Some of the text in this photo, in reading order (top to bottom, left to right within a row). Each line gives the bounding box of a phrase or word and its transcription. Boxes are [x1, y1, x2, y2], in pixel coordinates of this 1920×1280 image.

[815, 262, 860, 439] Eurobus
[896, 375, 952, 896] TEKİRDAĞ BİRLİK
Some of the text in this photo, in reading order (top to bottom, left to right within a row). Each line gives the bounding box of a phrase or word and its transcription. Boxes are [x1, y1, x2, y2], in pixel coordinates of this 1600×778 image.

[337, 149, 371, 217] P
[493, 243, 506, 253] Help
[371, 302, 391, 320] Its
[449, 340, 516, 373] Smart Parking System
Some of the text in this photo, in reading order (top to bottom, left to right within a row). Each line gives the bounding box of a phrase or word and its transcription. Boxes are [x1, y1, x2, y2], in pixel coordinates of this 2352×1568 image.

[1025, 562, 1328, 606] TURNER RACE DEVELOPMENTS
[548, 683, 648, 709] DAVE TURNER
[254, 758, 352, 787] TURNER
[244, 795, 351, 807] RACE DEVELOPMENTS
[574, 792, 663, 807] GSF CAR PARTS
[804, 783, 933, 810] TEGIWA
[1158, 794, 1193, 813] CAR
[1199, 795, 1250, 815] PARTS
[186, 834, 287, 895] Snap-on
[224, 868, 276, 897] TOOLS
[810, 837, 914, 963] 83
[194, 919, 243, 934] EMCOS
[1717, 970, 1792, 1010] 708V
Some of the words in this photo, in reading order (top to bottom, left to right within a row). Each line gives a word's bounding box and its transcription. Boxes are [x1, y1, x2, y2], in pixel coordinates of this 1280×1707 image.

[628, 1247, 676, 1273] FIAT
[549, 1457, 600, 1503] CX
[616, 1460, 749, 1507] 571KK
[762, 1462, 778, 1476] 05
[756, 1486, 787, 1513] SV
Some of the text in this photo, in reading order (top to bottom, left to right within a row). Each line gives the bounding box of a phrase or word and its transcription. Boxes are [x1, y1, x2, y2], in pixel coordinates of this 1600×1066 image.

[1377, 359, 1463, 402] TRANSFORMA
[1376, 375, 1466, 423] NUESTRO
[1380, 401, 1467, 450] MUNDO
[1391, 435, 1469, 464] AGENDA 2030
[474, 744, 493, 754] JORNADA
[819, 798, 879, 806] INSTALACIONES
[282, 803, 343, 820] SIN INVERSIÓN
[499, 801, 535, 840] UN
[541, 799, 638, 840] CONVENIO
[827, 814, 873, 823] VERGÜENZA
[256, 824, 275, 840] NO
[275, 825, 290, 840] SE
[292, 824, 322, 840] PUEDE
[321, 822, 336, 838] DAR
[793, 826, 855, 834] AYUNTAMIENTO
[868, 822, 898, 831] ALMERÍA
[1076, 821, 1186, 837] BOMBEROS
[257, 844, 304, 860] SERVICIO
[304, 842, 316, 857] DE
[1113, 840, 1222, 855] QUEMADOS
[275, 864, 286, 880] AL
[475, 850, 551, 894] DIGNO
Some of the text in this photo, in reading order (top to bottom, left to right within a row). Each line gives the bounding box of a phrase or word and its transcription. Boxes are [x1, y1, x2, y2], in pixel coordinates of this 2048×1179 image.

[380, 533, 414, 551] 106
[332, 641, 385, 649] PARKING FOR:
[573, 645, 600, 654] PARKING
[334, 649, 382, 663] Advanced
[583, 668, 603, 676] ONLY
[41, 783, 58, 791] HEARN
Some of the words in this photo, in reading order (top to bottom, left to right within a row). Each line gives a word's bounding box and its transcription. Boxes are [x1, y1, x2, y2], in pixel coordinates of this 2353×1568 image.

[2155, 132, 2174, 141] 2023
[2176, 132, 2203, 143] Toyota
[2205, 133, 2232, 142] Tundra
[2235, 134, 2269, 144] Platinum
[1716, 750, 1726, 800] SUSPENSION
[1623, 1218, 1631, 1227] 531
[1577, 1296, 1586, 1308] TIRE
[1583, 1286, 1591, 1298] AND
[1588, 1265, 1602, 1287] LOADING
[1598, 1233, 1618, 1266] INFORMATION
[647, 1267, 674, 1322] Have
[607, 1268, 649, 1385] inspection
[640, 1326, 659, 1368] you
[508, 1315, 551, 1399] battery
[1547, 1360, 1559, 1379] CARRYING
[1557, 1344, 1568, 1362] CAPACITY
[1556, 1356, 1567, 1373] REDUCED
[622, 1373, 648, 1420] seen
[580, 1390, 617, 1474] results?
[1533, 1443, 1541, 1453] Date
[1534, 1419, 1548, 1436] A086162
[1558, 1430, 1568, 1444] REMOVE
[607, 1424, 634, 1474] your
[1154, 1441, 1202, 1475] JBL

*EXERCISE*:
Everything from the line with "this 2353×1568 image." to the last line of the data is what to return, word for word; leave out the rest.

*EXERCISE RESULT*:
Some of the words in this photo, in reading order (top to bottom, left to right within a row). Each line gives a word's bounding box and its transcription. Boxes are [x1, y1, x2, y2], in pixel coordinates of this 2353×1568 image.

[2155, 132, 2174, 141] 2023
[2176, 132, 2203, 143] Toyota
[2205, 133, 2232, 142] Tundra
[2235, 134, 2269, 144] Platinum
[1716, 750, 1726, 800] SUSPENSION
[1623, 1218, 1631, 1227] 531
[1577, 1296, 1586, 1308] TIRE
[1583, 1286, 1591, 1298] AND
[1588, 1265, 1602, 1287] LOADING
[1598, 1233, 1618, 1266] INFORMATION
[647, 1267, 674, 1322] Have
[607, 1268, 649, 1385] inspection
[640, 1326, 659, 1368] you
[508, 1315, 551, 1399] battery
[1547, 1360, 1559, 1379] CARRYING
[1557, 1344, 1568, 1362] CAPACITY
[1556, 1356, 1567, 1373] REDUCED
[622, 1373, 648, 1420] seen
[580, 1390, 617, 1474] results?
[1533, 1443, 1541, 1453] Date
[1534, 1419, 1548, 1436] A086162
[1558, 1430, 1568, 1444] REMOVE
[607, 1424, 634, 1474] your
[1154, 1441, 1202, 1475] JBL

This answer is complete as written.